= Beginning of Section =
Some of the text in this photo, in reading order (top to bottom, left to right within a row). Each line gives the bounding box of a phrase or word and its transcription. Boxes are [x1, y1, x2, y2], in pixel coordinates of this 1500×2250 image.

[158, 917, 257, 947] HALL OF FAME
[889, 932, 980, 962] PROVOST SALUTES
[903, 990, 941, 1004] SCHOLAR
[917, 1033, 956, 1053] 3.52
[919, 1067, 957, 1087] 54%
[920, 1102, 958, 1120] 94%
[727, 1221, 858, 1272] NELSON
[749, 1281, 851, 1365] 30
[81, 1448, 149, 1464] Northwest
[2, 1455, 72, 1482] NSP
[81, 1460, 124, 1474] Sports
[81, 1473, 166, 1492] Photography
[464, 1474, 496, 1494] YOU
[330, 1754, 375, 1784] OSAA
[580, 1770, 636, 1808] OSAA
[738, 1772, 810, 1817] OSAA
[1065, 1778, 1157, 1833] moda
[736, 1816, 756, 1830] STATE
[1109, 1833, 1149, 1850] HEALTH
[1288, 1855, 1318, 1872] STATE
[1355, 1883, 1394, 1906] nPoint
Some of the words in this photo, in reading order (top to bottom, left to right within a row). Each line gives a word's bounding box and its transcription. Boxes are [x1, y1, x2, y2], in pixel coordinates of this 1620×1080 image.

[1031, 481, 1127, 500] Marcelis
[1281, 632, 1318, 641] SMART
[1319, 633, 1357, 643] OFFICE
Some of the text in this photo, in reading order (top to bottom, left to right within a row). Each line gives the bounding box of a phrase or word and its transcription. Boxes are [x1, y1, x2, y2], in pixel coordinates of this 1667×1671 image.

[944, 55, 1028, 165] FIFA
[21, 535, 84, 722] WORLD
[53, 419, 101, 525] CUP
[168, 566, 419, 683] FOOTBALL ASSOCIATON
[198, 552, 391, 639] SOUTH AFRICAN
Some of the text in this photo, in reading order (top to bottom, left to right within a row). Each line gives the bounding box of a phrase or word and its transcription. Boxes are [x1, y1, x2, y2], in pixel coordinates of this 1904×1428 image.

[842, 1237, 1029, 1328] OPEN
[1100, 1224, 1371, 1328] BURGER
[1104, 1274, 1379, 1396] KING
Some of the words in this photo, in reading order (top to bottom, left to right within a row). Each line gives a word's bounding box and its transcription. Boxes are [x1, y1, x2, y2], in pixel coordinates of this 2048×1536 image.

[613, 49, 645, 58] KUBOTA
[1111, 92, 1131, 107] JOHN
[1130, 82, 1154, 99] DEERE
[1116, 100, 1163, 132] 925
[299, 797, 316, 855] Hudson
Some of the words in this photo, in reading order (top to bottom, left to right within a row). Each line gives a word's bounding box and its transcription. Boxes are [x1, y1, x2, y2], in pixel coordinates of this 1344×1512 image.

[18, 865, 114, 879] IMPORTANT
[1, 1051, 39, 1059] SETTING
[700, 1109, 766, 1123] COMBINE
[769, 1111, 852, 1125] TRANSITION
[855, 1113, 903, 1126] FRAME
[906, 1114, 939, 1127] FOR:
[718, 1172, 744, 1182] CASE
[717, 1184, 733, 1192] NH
= End of Section =
Work instruction: The full listing above needs to be given again exactly.

Answer:
Some of the text in this photo, in reading order (top to bottom, left to right within a row). Each line gives the bounding box of a phrase or word and its transcription. Boxes are [x1, y1, x2, y2], in pixel coordinates of this 1500×2250 image.

[158, 917, 257, 947] HALL OF FAME
[889, 932, 980, 962] PROVOST SALUTES
[903, 990, 941, 1004] SCHOLAR
[917, 1033, 956, 1053] 3.52
[919, 1067, 957, 1087] 54%
[920, 1102, 958, 1120] 94%
[727, 1221, 858, 1272] NELSON
[749, 1281, 851, 1365] 30
[81, 1448, 149, 1464] Northwest
[2, 1455, 72, 1482] NSP
[81, 1460, 124, 1474] Sports
[81, 1473, 166, 1492] Photography
[464, 1474, 496, 1494] YOU
[330, 1754, 375, 1784] OSAA
[580, 1770, 636, 1808] OSAA
[738, 1772, 810, 1817] OSAA
[1065, 1778, 1157, 1833] moda
[736, 1816, 756, 1830] STATE
[1109, 1833, 1149, 1850] HEALTH
[1288, 1855, 1318, 1872] STATE
[1355, 1883, 1394, 1906] nPoint
Some of the words in this photo, in reading order (top to bottom, left to right within a row). Each line gives a word's bounding box and its transcription. Boxes are [x1, y1, x2, y2], in pixel coordinates of this 1620×1080 image.

[1031, 481, 1127, 500] Marcelis
[1281, 632, 1318, 641] SMART
[1319, 633, 1357, 643] OFFICE
Some of the text in this photo, in reading order (top to bottom, left to right within a row). Each line gives the bounding box of a phrase or word and its transcription. Boxes are [x1, y1, x2, y2], in pixel coordinates of this 1667×1671 image.

[944, 55, 1028, 165] FIFA
[21, 535, 84, 722] WORLD
[53, 419, 101, 525] CUP
[168, 566, 419, 683] FOOTBALL ASSOCIATON
[198, 552, 391, 639] SOUTH AFRICAN
Some of the text in this photo, in reading order (top to bottom, left to right within a row). Each line gives the bounding box of a phrase or word and its transcription. Boxes are [x1, y1, x2, y2], in pixel coordinates of this 1904×1428 image.

[842, 1237, 1029, 1328] OPEN
[1100, 1224, 1371, 1328] BURGER
[1104, 1274, 1379, 1396] KING
Some of the words in this photo, in reading order (top to bottom, left to right within a row). Each line gives a word's bounding box and its transcription. Boxes are [x1, y1, x2, y2], in pixel coordinates of this 2048×1536 image.

[613, 49, 645, 58] KUBOTA
[1111, 92, 1131, 107] JOHN
[1130, 82, 1154, 99] DEERE
[1116, 100, 1163, 132] 925
[299, 797, 316, 855] Hudson
Some of the words in this photo, in reading order (top to bottom, left to right within a row). Each line gives a word's bounding box and its transcription. Boxes are [x1, y1, x2, y2], in pixel coordinates of this 1344×1512 image.

[18, 865, 114, 879] IMPORTANT
[1, 1051, 39, 1059] SETTING
[700, 1109, 766, 1123] COMBINE
[769, 1111, 852, 1125] TRANSITION
[855, 1113, 903, 1126] FRAME
[906, 1114, 939, 1127] FOR:
[718, 1172, 744, 1182] CASE
[717, 1184, 733, 1192] NH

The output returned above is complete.